Zaria gets subventions and grants from the federal government. Zaria also shares from the Bilateral Air Service Agreements (BASAs) and also from the Ticket/Cargo Sales Charge collected by the Nigeria Civil Aviation Authority. Ilorin doesn’t get anything from the federal government. Definitely, we will go higher than N17.5 million.

In South Africa, the training school charges about N28 million. This is exclusive of the airfares, accommodation and feeding for the duration of the course.

In America, it is about $40,000 and I have not converted that of the United Kingdom, but we are charging N12.5 million, which is nothing as everything we do in aviation is based on dollars; the equipment we are using is in dollars, spare parts are in dollars and even some of the instructors that are going to be foreign, they are going to ask for dollars. So, it is reasonable for us to increase our tuition fees.

We are begging the federal government to assist us. The government should know that we are training Nigerians that are going to work for the government and Nigerian airlines. I think it is just reasonable for the federal government to give us some allocations yearly.
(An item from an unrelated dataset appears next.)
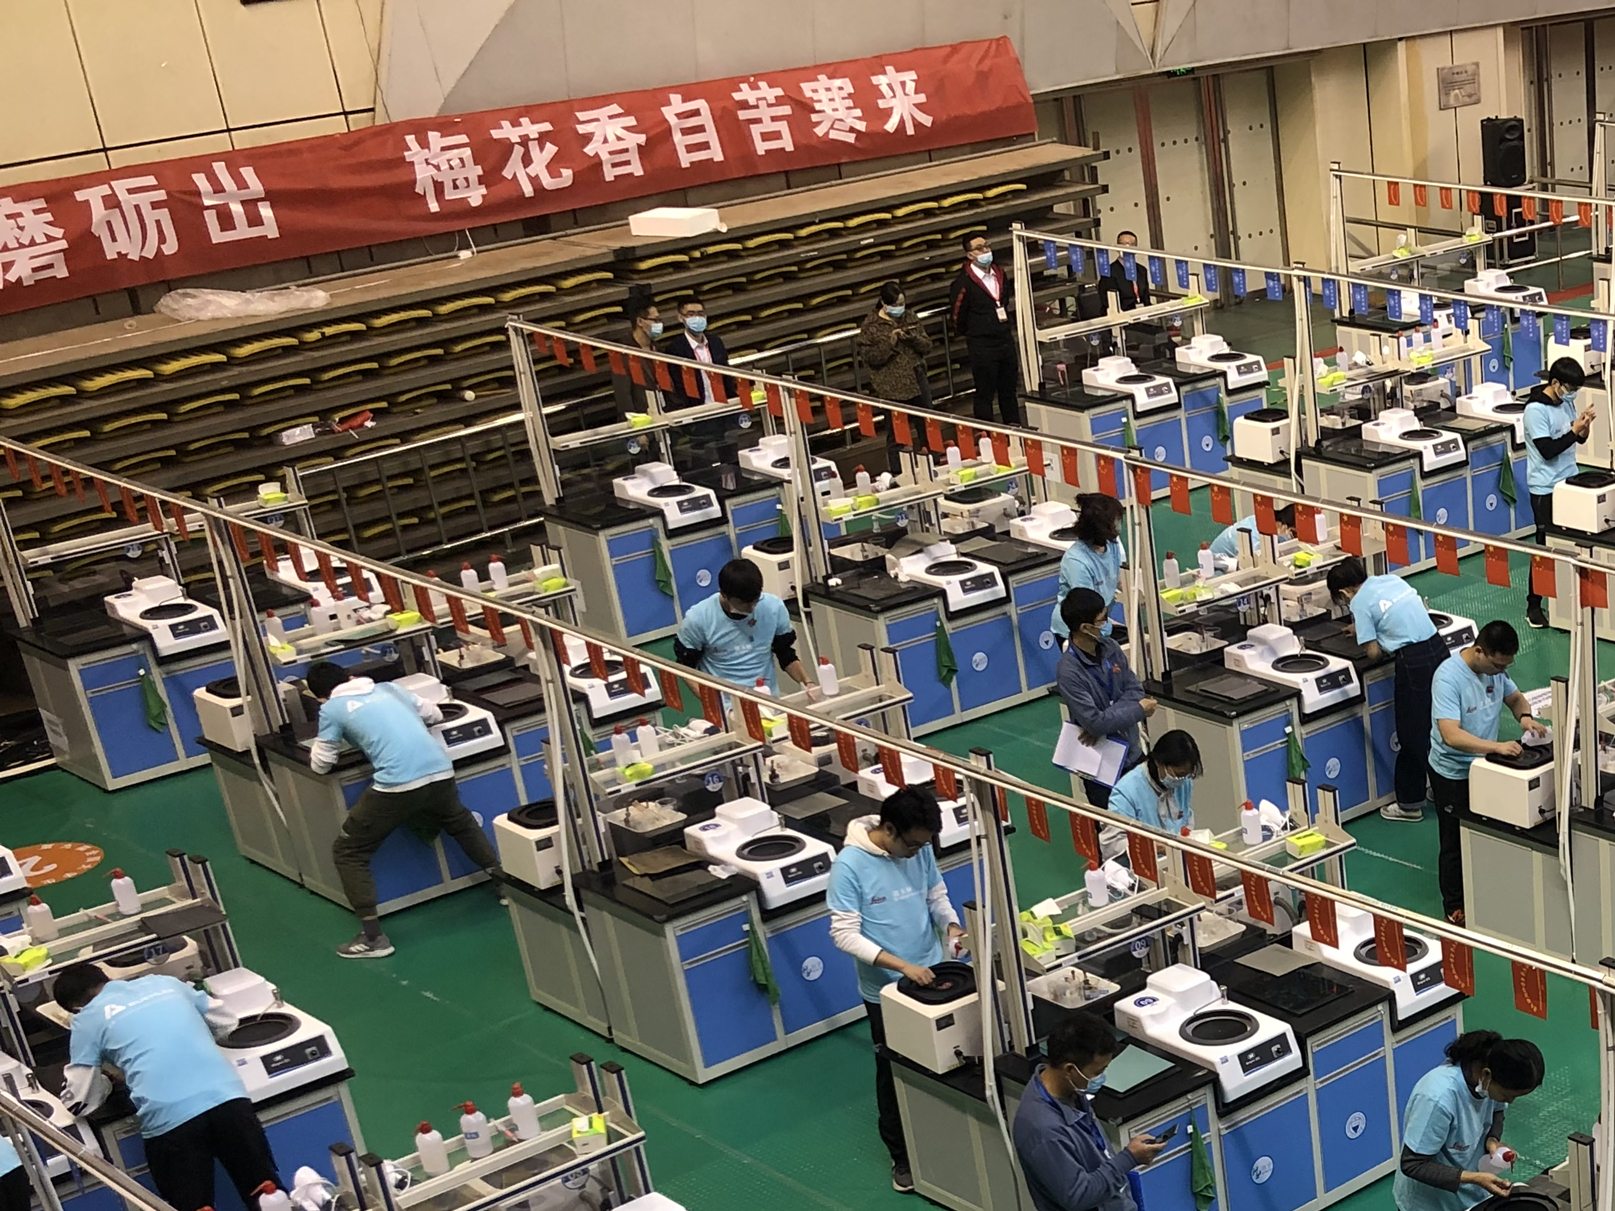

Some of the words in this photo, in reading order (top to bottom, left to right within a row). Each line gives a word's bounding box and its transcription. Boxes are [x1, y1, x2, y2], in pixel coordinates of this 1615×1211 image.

Secondly, the federal government is giving some amount of money to private airlines to cushion the effect of COVID-19, inflation and others, but we are not getting any of these.

Thirdly, we pay customs duties on our imported parts and aircraft, I think the federal government should look into that and give us some relief. We should be exempted from customs duties and be given subventions or grants yearly.

We are training Nigerians, we are Nigerians and Kwara State is part of Nigeria. They should make us feel that we belong to Nigeria.